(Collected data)
..........
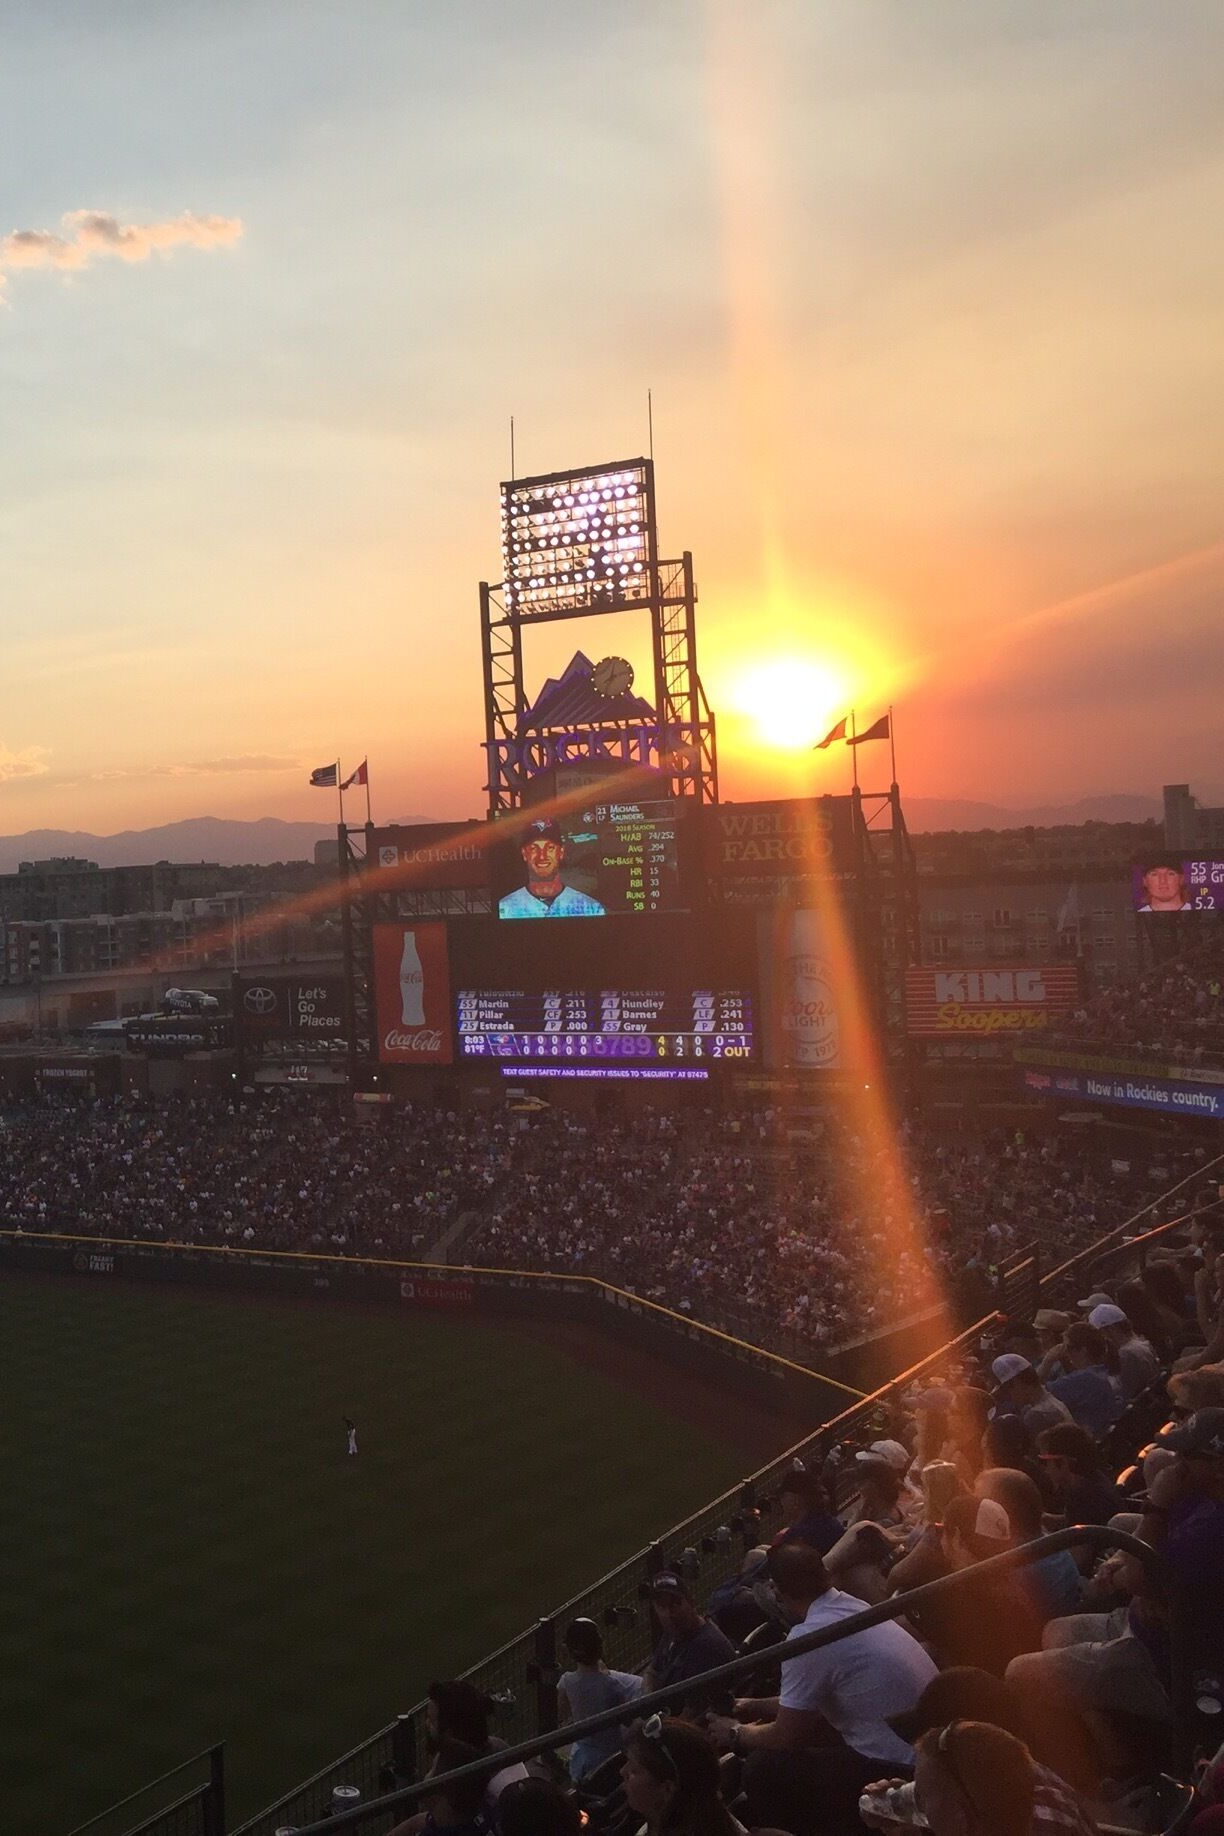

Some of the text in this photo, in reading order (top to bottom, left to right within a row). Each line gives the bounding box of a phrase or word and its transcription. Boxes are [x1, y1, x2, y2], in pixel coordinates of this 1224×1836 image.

[480, 723, 698, 792] ROCKIES
[597, 804, 639, 815] 21 MICHAEL
[610, 812, 644, 821] SAUNDERS
[632, 823, 656, 831] SEASON
[718, 812, 833, 836] WELLS
[620, 831, 674, 842] H/AB 74/252
[404, 845, 482, 864] UCHealth
[721, 838, 833, 862] FARGO
[630, 868, 642, 876] HR
[1191, 862, 1206, 876] 55
[630, 880, 643, 888] RBI
[1191, 875, 1206, 884] RHP
[626, 892, 645, 900] RUNS
[1200, 888, 1209, 896] IP
[1195, 896, 1215, 911] 5.2
[935, 970, 1046, 1003] KING
[297, 986, 328, 1000] Let's
[169, 998, 192, 1009] TOYOTA
[297, 1000, 317, 1014] Go
[478, 999, 509, 1008] Martin
[566, 1000, 586, 1008] .211
[622, 1000, 664, 1010] Hundley
[719, 999, 743, 1008] .253
[479, 1010, 504, 1019] Pillar
[548, 1011, 561, 1019] CF
[566, 1011, 587, 1020] .253
[622, 1010, 657, 1019] Barnes
[698, 1010, 710, 1018] LF
[720, 1010, 742, 1019] .241
[936, 1002, 1047, 1036] Soopers
[298, 1014, 342, 1027] Places
[479, 1021, 514, 1030] Estrada
[566, 1022, 588, 1030] .000
[623, 1022, 647, 1033] Gray
[720, 1022, 744, 1032] .130
[384, 1029, 445, 1051] Coca-Cola
[464, 1035, 485, 1044] 8:03
[537, 1035, 544, 1045] 0
[551, 1035, 558, 1045] 0
[566, 1035, 573, 1045] 0
[580, 1035, 587, 1045] 0
[595, 1035, 602, 1045] 3
[657, 1036, 665, 1045] 4
[675, 1036, 683, 1045] 4
[694, 1036, 702, 1046] 0
[715, 1036, 725, 1046] 0
[523, 1045, 530, 1055] 0
[538, 1045, 545, 1055] 0
[551, 1045, 558, 1055] 0
[566, 1045, 573, 1055] 0
[580, 1045, 587, 1055] 0
[658, 1046, 666, 1056] 0
[676, 1046, 684, 1056] 2
[694, 1046, 703, 1056] 0
[712, 1046, 722, 1057] 2
[723, 1046, 751, 1058] OUT
[518, 1068, 537, 1076] GUEST
[640, 1070, 677, 1078] "SECURITY"
[1087, 1079, 1111, 1097] Now
[1113, 1081, 1124, 1098] in
[1126, 1083, 1168, 1104] Rockies
[1172, 1090, 1219, 1113] country.
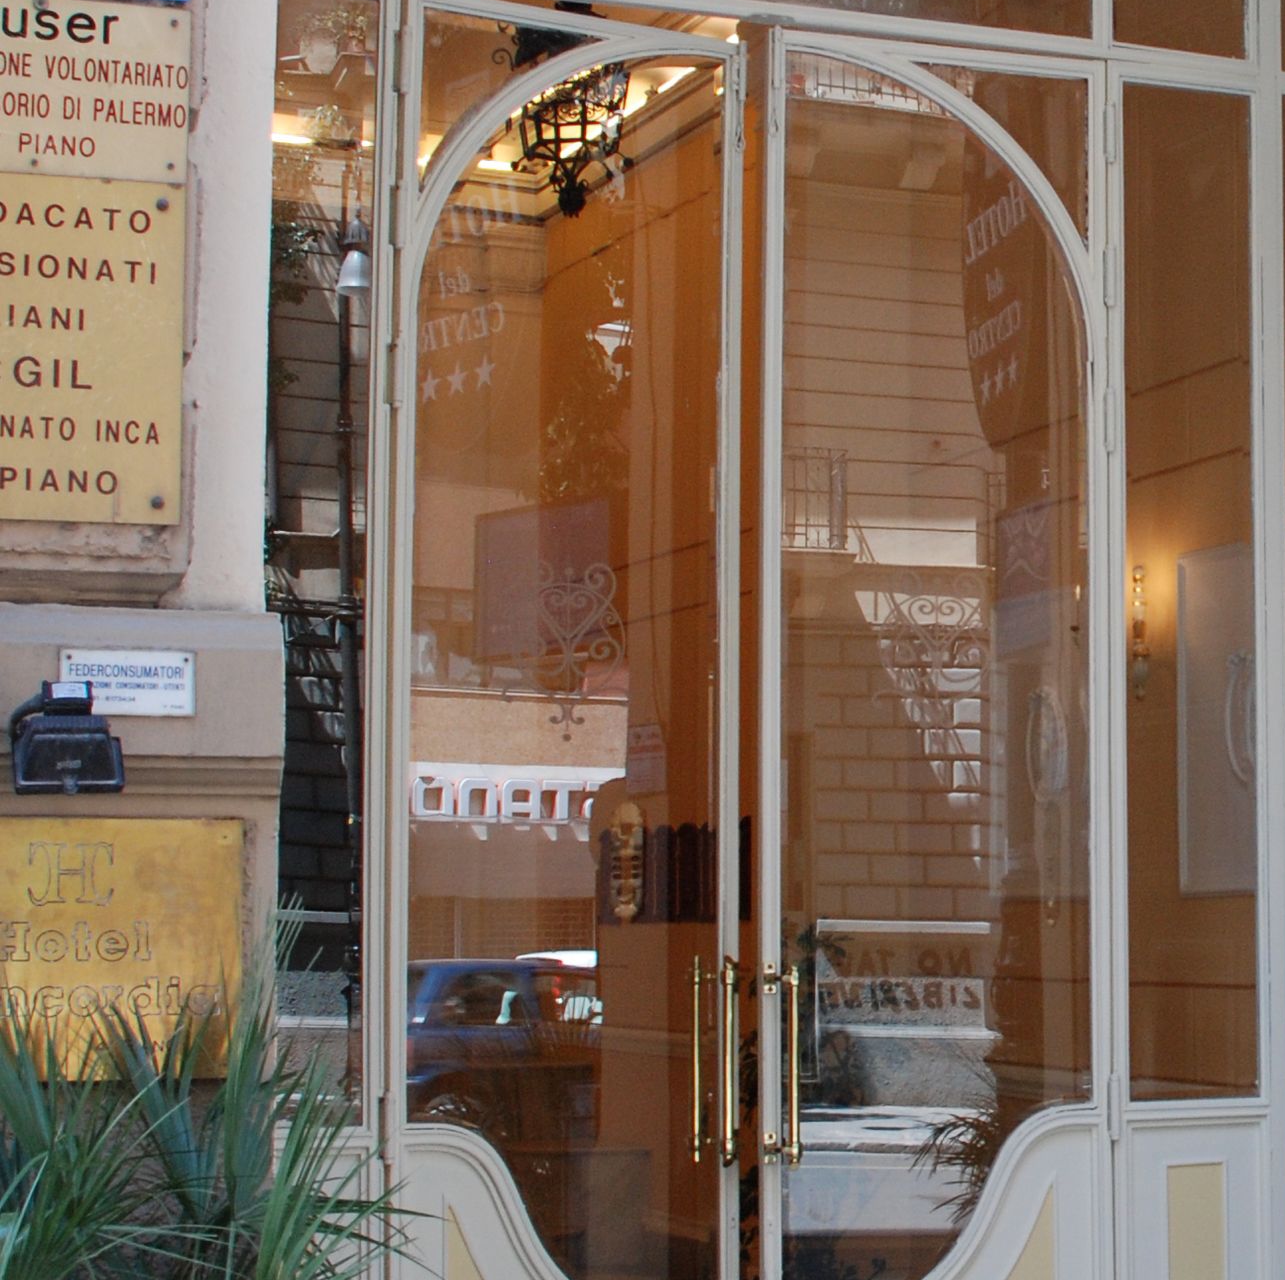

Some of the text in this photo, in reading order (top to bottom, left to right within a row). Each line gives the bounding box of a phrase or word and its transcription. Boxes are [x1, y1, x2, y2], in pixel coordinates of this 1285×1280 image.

[45, 55, 188, 90] VOLONTARIATO
[3, 92, 187, 129] ORIO DI PALERMO
[18, 132, 96, 158] PIANO
[0, 252, 156, 285] SIONATI
[96, 418, 160, 445] INCA
[0, 466, 118, 495] PIANO
[69, 663, 185, 680] FEDERCONSUMATORI
..........
▶ Aim of the exercise: Although the records contain pictures, your copy should hold only the text, reproduced exactly.

▶ Written solution:
Some of the text in this photo, in reading order (top to bottom, left to right within a row). Each line gives the bounding box of a phrase or word and its transcription. Boxes are [x1, y1, x2, y2], in pixel coordinates of this 1224×1836 image.

[480, 723, 698, 792] ROCKIES
[597, 804, 639, 815] 21 MICHAEL
[610, 812, 644, 821] SAUNDERS
[632, 823, 656, 831] SEASON
[718, 812, 833, 836] WELLS
[620, 831, 674, 842] H/AB 74/252
[404, 845, 482, 864] UCHealth
[721, 838, 833, 862] FARGO
[630, 868, 642, 876] HR
[1191, 862, 1206, 876] 55
[630, 880, 643, 888] RBI
[1191, 875, 1206, 884] RHP
[626, 892, 645, 900] RUNS
[1200, 888, 1209, 896] IP
[1195, 896, 1215, 911] 5.2
[935, 970, 1046, 1003] KING
[297, 986, 328, 1000] Let's
[169, 998, 192, 1009] TOYOTA
[297, 1000, 317, 1014] Go
[478, 999, 509, 1008] Martin
[566, 1000, 586, 1008] .211
[622, 1000, 664, 1010] Hundley
[719, 999, 743, 1008] .253
[479, 1010, 504, 1019] Pillar
[548, 1011, 561, 1019] CF
[566, 1011, 587, 1020] .253
[622, 1010, 657, 1019] Barnes
[698, 1010, 710, 1018] LF
[720, 1010, 742, 1019] .241
[936, 1002, 1047, 1036] Soopers
[298, 1014, 342, 1027] Places
[479, 1021, 514, 1030] Estrada
[566, 1022, 588, 1030] .000
[623, 1022, 647, 1033] Gray
[720, 1022, 744, 1032] .130
[384, 1029, 445, 1051] Coca-Cola
[464, 1035, 485, 1044] 8:03
[537, 1035, 544, 1045] 0
[551, 1035, 558, 1045] 0
[566, 1035, 573, 1045] 0
[580, 1035, 587, 1045] 0
[595, 1035, 602, 1045] 3
[657, 1036, 665, 1045] 4
[675, 1036, 683, 1045] 4
[694, 1036, 702, 1046] 0
[715, 1036, 725, 1046] 0
[523, 1045, 530, 1055] 0
[538, 1045, 545, 1055] 0
[551, 1045, 558, 1055] 0
[566, 1045, 573, 1055] 0
[580, 1045, 587, 1055] 0
[658, 1046, 666, 1056] 0
[676, 1046, 684, 1056] 2
[694, 1046, 703, 1056] 0
[712, 1046, 722, 1057] 2
[723, 1046, 751, 1058] OUT
[518, 1068, 537, 1076] GUEST
[640, 1070, 677, 1078] "SECURITY"
[1087, 1079, 1111, 1097] Now
[1113, 1081, 1124, 1098] in
[1126, 1083, 1168, 1104] Rockies
[1172, 1090, 1219, 1113] country.

Some of the text in this photo, in reading order (top to bottom, left to right within a row). Each line gives the bounding box of a phrase or word and its transcription. Boxes are [x1, y1, x2, y2], in pixel coordinates of this 1285×1280 image.

[45, 55, 188, 90] VOLONTARIATO
[3, 92, 187, 129] ORIO DI PALERMO
[18, 132, 96, 158] PIANO
[0, 252, 156, 285] SIONATI
[96, 418, 160, 445] INCA
[0, 466, 118, 495] PIANO
[69, 663, 185, 680] FEDERCONSUMATORI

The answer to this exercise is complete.